Before I start in on this, I want to stress that there’s a related, more obvious claim that I’m not denying: That evolution, particularly Darwinism, is used to support atheism, and used to attack certain particular religious claims (that humanity and all life was created fully formed is the obvious example.) Likewise, I’m not denying that atheists make appeals to evolution to support their atheism, or that some would even agree that if atheism is true then evolution must be true. I think they’re as wrong as the theists who make this claim.
What I deny is this: That the assumed truth of atheism makes evolution logically necessary. All you need is a single example of a logically possible world where both atheism is true and evolution is false, and the logical necessity disappears. Here’s a sample of some possibilities.
* Humanity and all living things have been reproducing, producing only like kinds, unto eternity.
* The existence of at least humanity and possibly all other life is simply a brute fact: At some point in the finite or infinite past, humanity and/or life showed up without cause or explanation. They just are.
* Humanity and/or other life popped into existence in a Boltzmann Brain style scenario – one day they just appeared, sans precursors, by utter fortuity.
* Humanity and/or other life was directly caused to exist by a combination of laws and states-of-affairs that are/were themselves brute and inexplicable, yet which for no reason made the sudden appearance of these organisms inevitable.

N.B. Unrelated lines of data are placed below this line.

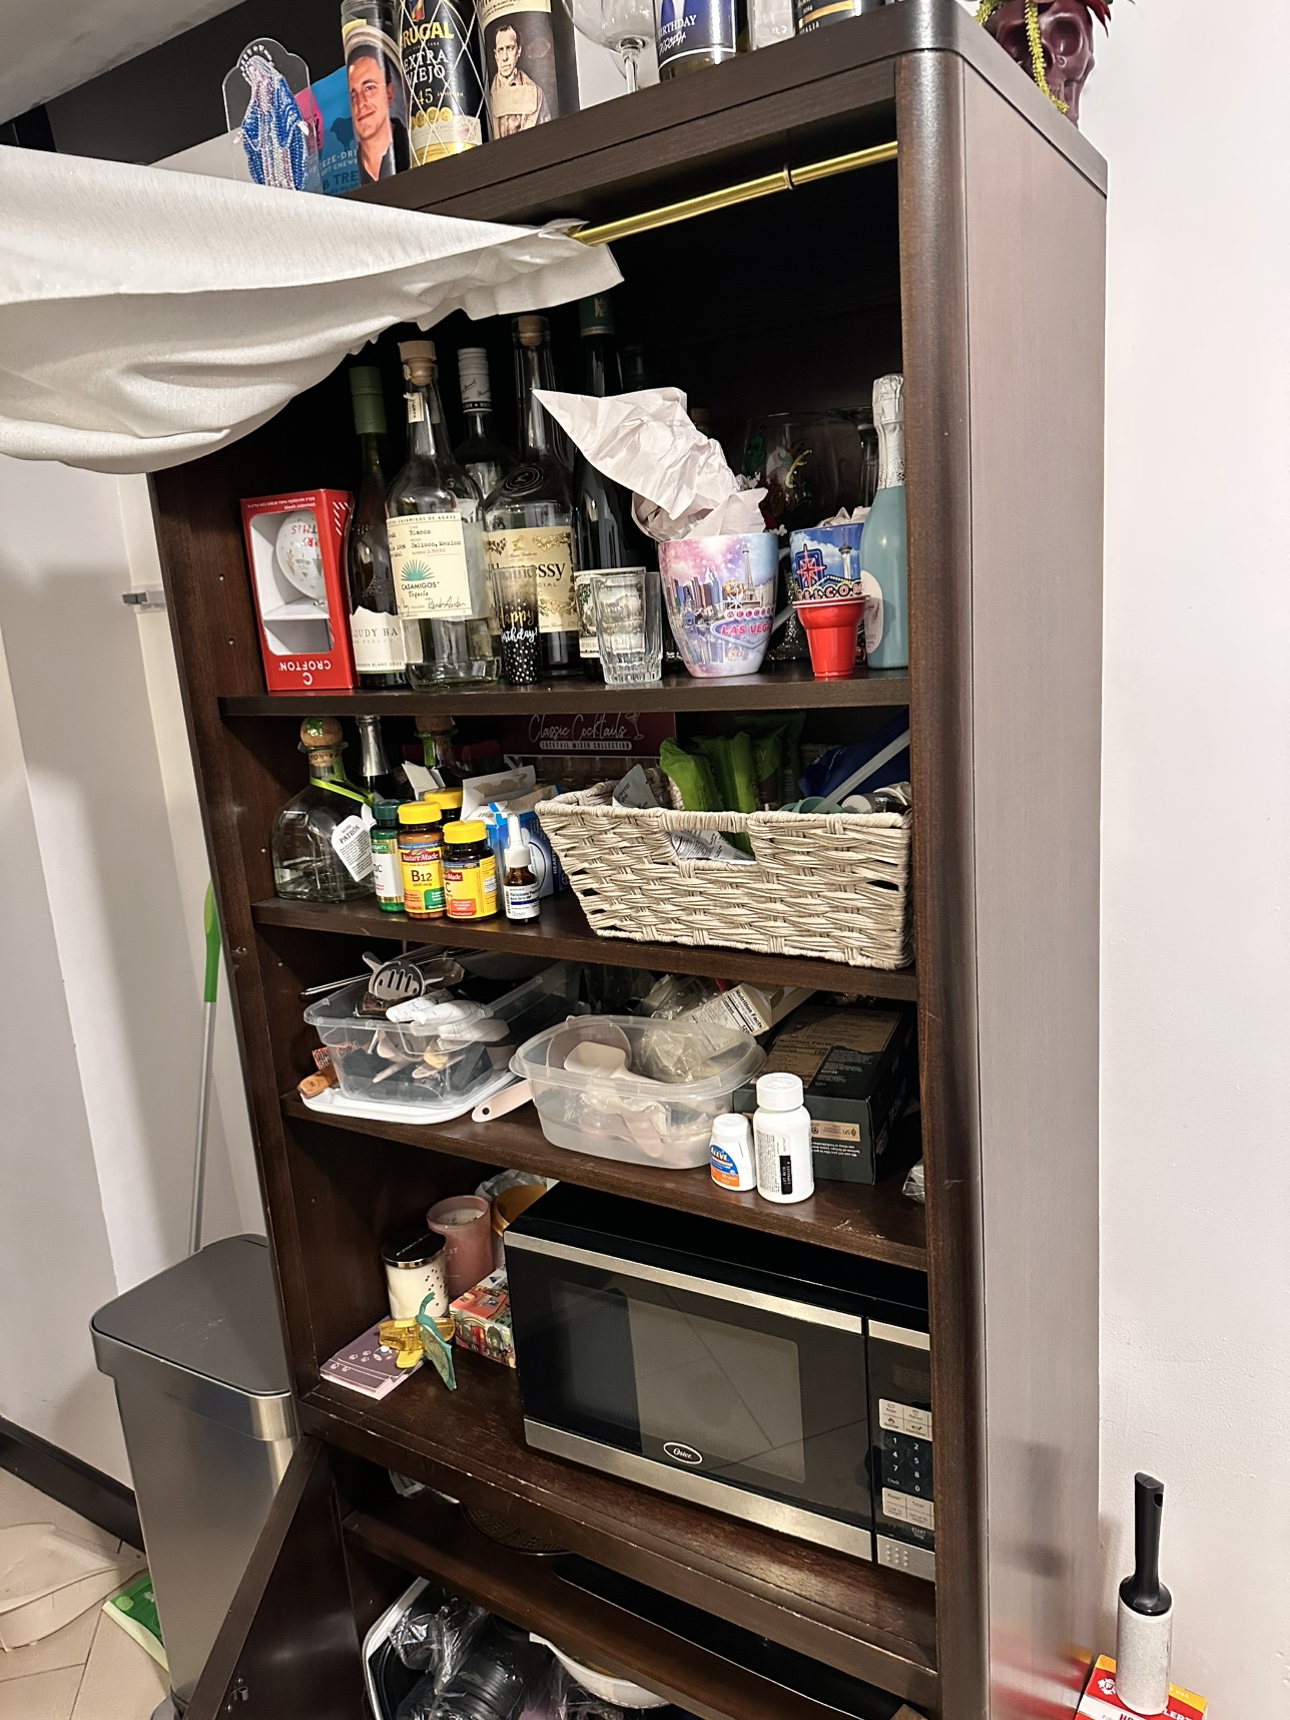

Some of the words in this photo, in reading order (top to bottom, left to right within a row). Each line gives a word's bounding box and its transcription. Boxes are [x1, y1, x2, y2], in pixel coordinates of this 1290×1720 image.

[404, 48, 449, 72] EXTRA
[721, 624, 746, 636] LAS
[279, 660, 331, 672] CROFTON
[302, 673, 313, 686] C
[528, 713, 571, 743] Classic
[572, 712, 628, 741] Cocktails
[541, 741, 570, 749] COCKTAIL
[572, 741, 591, 749] MIXER
[593, 741, 630, 749] COLLECTION
[411, 870, 433, 882] B12
[735, 989, 753, 1014] Nutrition
[751, 1011, 763, 1029] Facts
[914, 1442, 919, 1450] 2
[673, 1447, 692, 1460] Oster
[915, 1484, 920, 1492] 0

This list could be expanded in numerous ways: Make the laws of nature subject to inexplicable change if you want. Increase the length of the brute fact chain. Fill the natural world with suspiciously convenient, detailed, life- or human-spawning processes that create directly rather than rely on selection and variation. All this and more are logically compatible with the truth of atheism. And it only takes one compatibility to show that no, evolution and atheism aren’t quite linked that way.
Now, as I said previously, this doesn’t mean that atheists don’t regularly present evolution as some kind of testament to the truth of atheism – but that’s deeply problematic. First, insofar as it relies on the claim that evolution must be true on atheism, it’s open to the same counter-examples I just provided. Second, I’d argue that the rhetorical strengths atheists are often granted by evolution typically derive most of their strength from their opposition to very narrow, particular religious claims – if a theist adheres to an account of origins such that organisms were made whole and without precursors, then an evolutionary account of such organisms is a challenge. But if a theist believes that God could have or did use evolutionary processes in creation, the bulk of the force of the evolutionary argument – in and of itself – dissipates. Insofar as this is true, evolution doesn’t function as an evidence for atheism as much as evidence against some particular claim of one religious view – but theism itself, and religion broadly, does not require the falsity of evolution anyway.
But one problem I have with this misunderstanding is this: It gives credit where credit simply isn’t due.